This is an appeal from an order denying
appellant’s RCr 11.42 motion alleging ineffective assistance of
counsel on a guilty plea.
Appellant maintains that his
counsel’s performance was deficient because counsel allowed him
to plead guilty to an offense of which appellant could not have
been found guilty, because counsel failed to move for a mental
examination of appellant, and because counsel failed to
challenge the chain of custody of certain evidence.
In
reviewing the record, we cannot say that appellant’s counsel
rendered ineffective assistance on any of the above grounds.
Hence, we affirm.
On July 16, 1997, appellant, Robert Hayden, was
indicted in Indictment No. 97-CR-00062 for second-degree
burglary.
On that same date, Hayden was also indicted in
Indictment No. 97-CR-00063 for first-degree rape and seconddegree burglary.

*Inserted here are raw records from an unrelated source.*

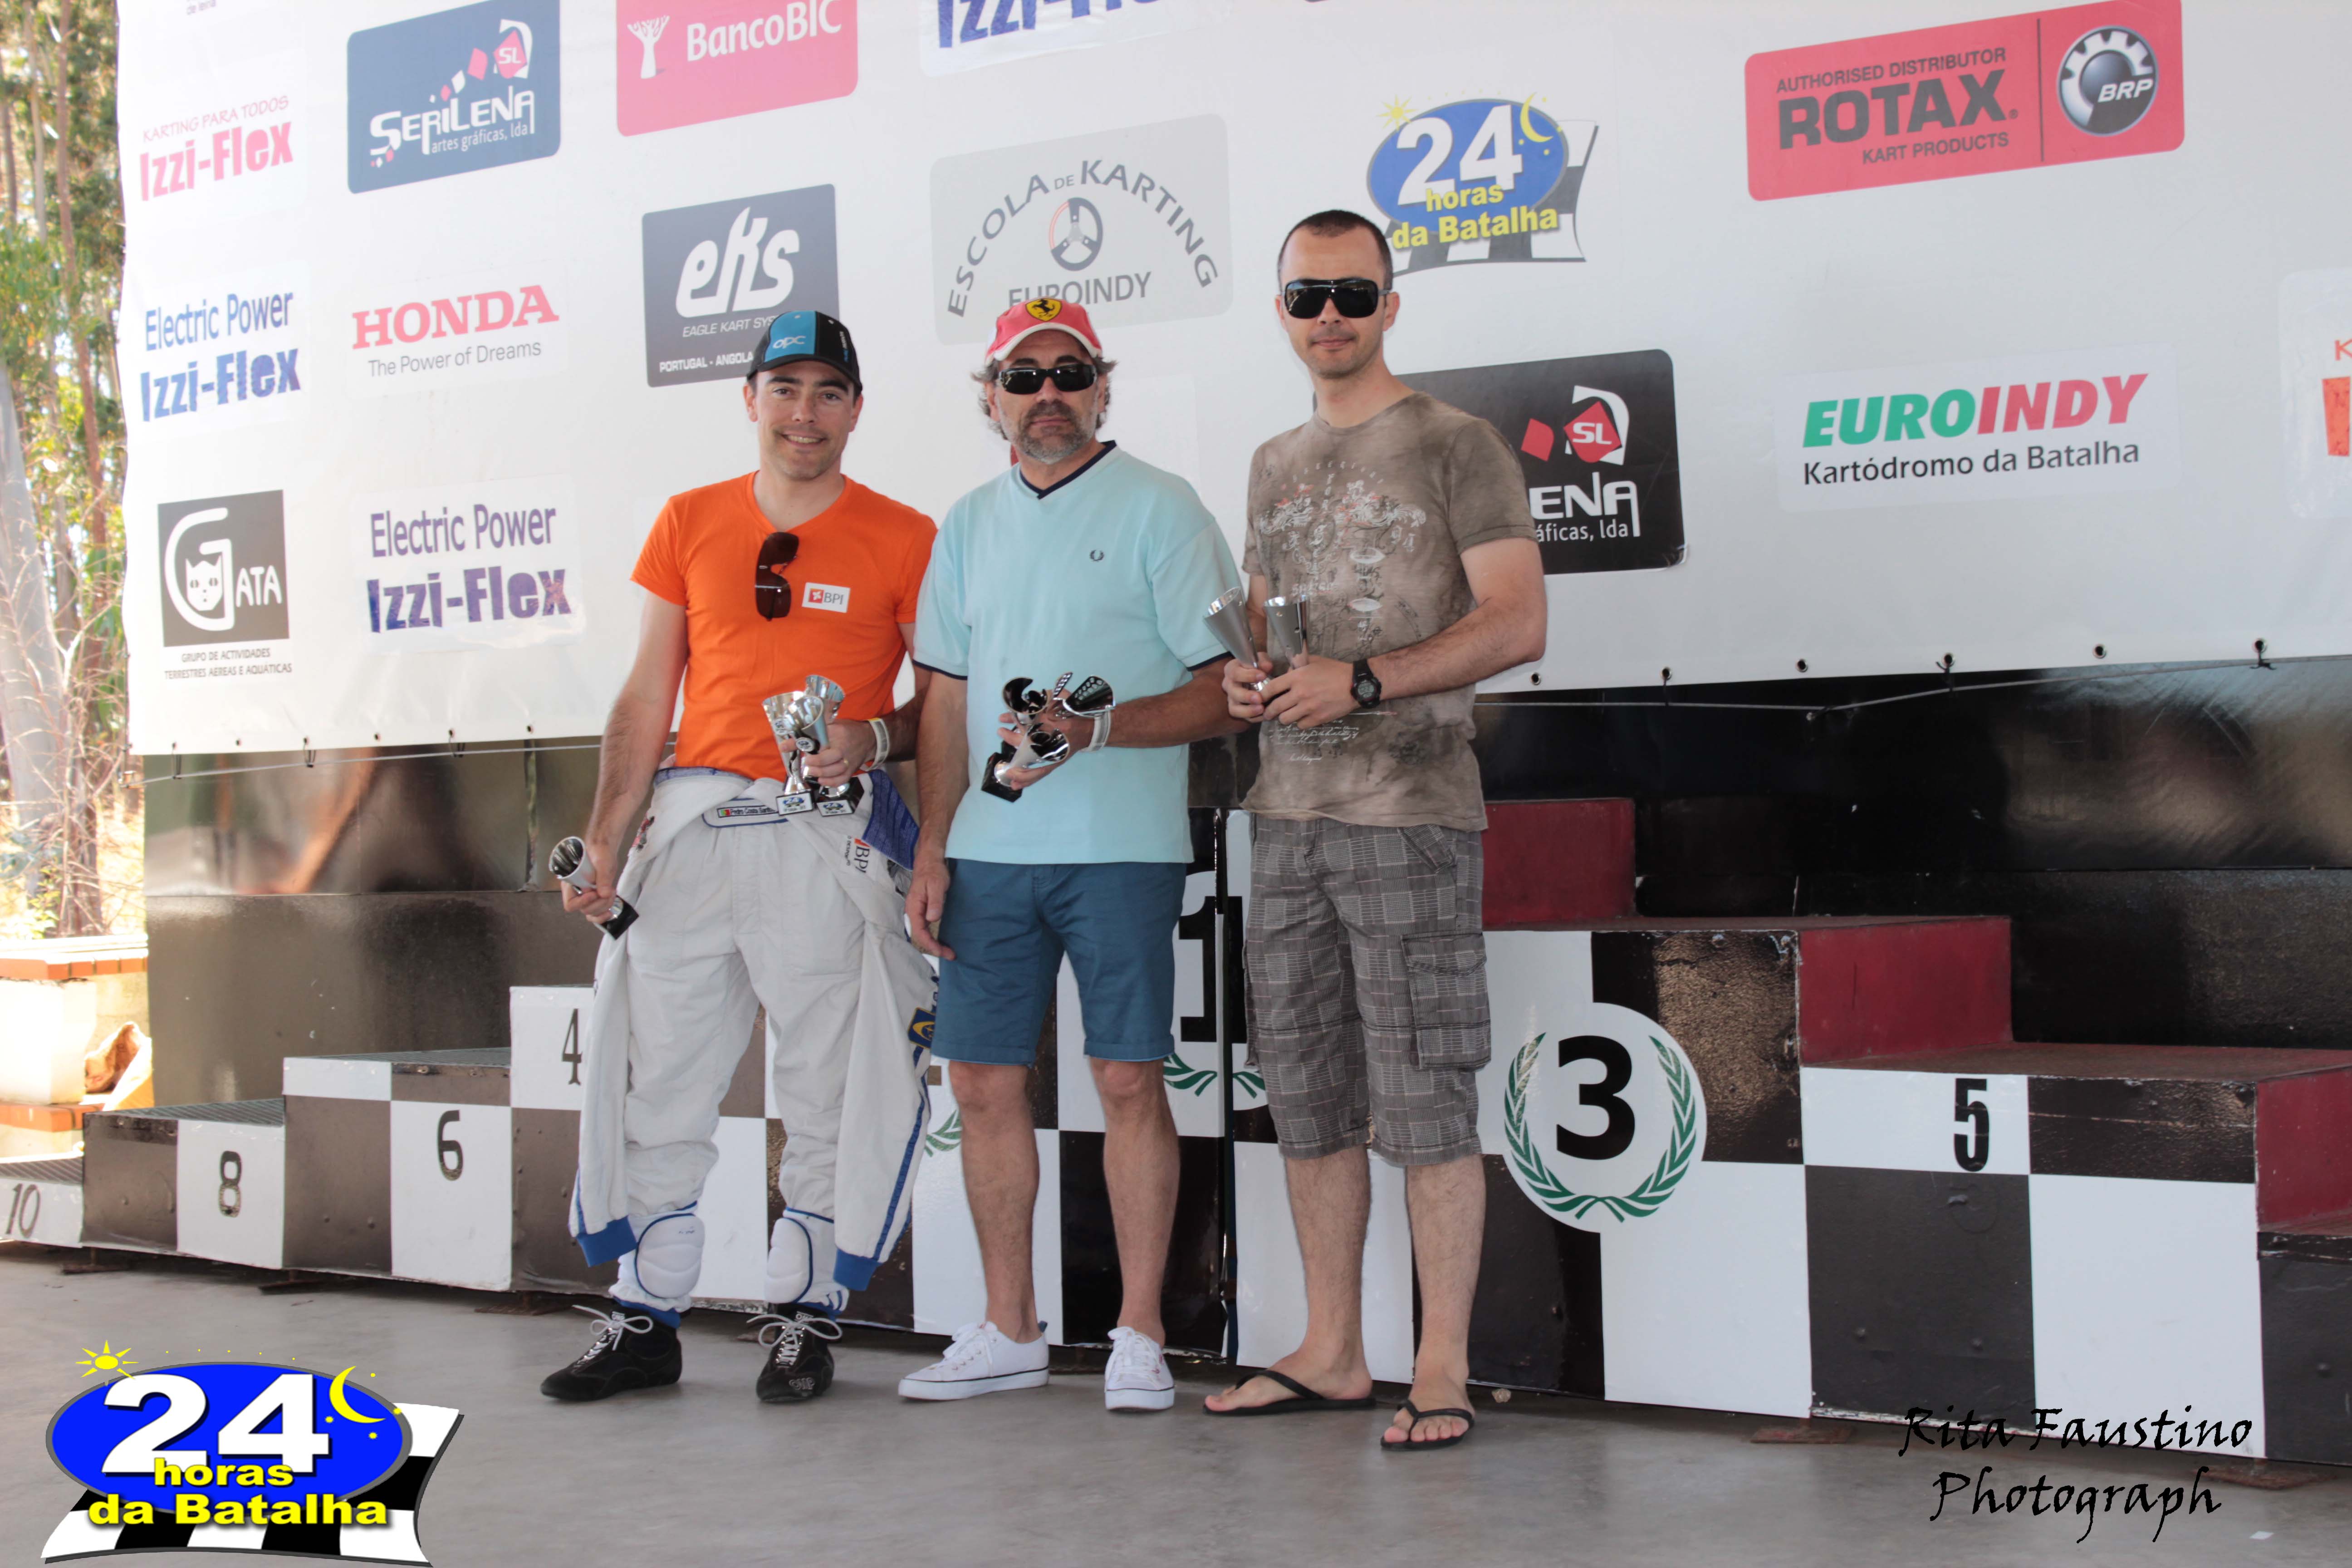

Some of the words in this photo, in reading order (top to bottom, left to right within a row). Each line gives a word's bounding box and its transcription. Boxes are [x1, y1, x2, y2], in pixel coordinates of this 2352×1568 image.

[498, 48, 521, 64] SL
[687, 0, 842, 62] BancoBIC
[1776, 64, 1884, 93] AUTHORISED
[1889, 47, 2007, 78] DISTRIBUTOR
[2097, 78, 2153, 103] BRP
[142, 117, 199, 143] KARTING
[202, 108, 239, 129] PARA
[241, 95, 289, 119] TODOS
[431, 138, 458, 153] artes
[461, 129, 507, 152] gráficas,
[510, 123, 528, 138] lda
[140, 121, 294, 201] Izzi-Flex
[1396, 104, 1523, 206] 24
[1862, 145, 1907, 165] KART
[1912, 132, 2009, 159] PRODUCTS
[1426, 184, 1504, 212] horas
[947, 175, 1050, 317] ESCOLA
[1054, 175, 1075, 190] DE
[1080, 160, 1219, 288] KARTING
[1392, 222, 1429, 249] da
[1439, 206, 1558, 243] Batalha
[146, 299, 219, 351] Electric
[227, 292, 294, 336] Power
[352, 284, 559, 349] HONDA
[683, 323, 717, 338] EAGLE
[720, 319, 750, 333] KART
[753, 315, 775, 328] SYS
[368, 360, 396, 377] The
[401, 354, 451, 373] Power
[455, 347, 472, 366] of
[477, 342, 542, 363] Dreams
[659, 357, 707, 372] PORTUGAL
[715, 351, 754, 365] ANGOLA
[140, 348, 301, 422] Izzi-Flex
[1572, 422, 1612, 445] SL
[1803, 373, 2149, 448] EUROINDY
[1804, 456, 1973, 485] Kartódromo
[1983, 450, 2017, 473] da
[2028, 440, 2139, 470] Batalha
[370, 506, 466, 557] Electric
[473, 504, 557, 549] Power
[1536, 523, 1594, 542] áficas,
[1600, 519, 1628, 539] lda
[367, 566, 572, 633] Izzi-Flex
[823, 592, 844, 605] BPI
[164, 668, 206, 679] TERRESTRES
[239, 666, 243, 675] E
[181, 652, 206, 662] GRUPO
[209, 651, 218, 661] DE
[220, 647, 271, 660] ACTIVIDADES
[1180, 895, 1246, 1043] 1
[561, 1008, 583, 1086] 4
[1556, 1034, 1636, 1161] 3
[436, 1110, 464, 1181] 6
[1953, 1078, 1990, 1172] 5
[218, 1150, 243, 1218] 8
[5, 1183, 42, 1239] 10

On August 21, 1997, Hayden was indicted in
Indictment No. 97-CR-00102 for possession of a forged instrument
in the second degree.
The charges in Indictment No. 97-CR-00063
stemmed from an incident wherein Hayden broke into the victim’s
home during the middle of the night on March 19, 1996, and
forcibly raped her.
The charge in Indictment No. 97-CR-00062
stemmed from an incident where Hayden again tried to break into
the same victim’s home on an evening in January of 1997, while
the victim was home.
The charge in Indictment No. 97-CR-00102
was the result of Hayden cashing a forged check.
On September 18, 1997, the indictments in 97-CR-00062
and 97-CR-00063 were both amended to include the status offense
of being a first-degree persistent felony offender (“PFO I”).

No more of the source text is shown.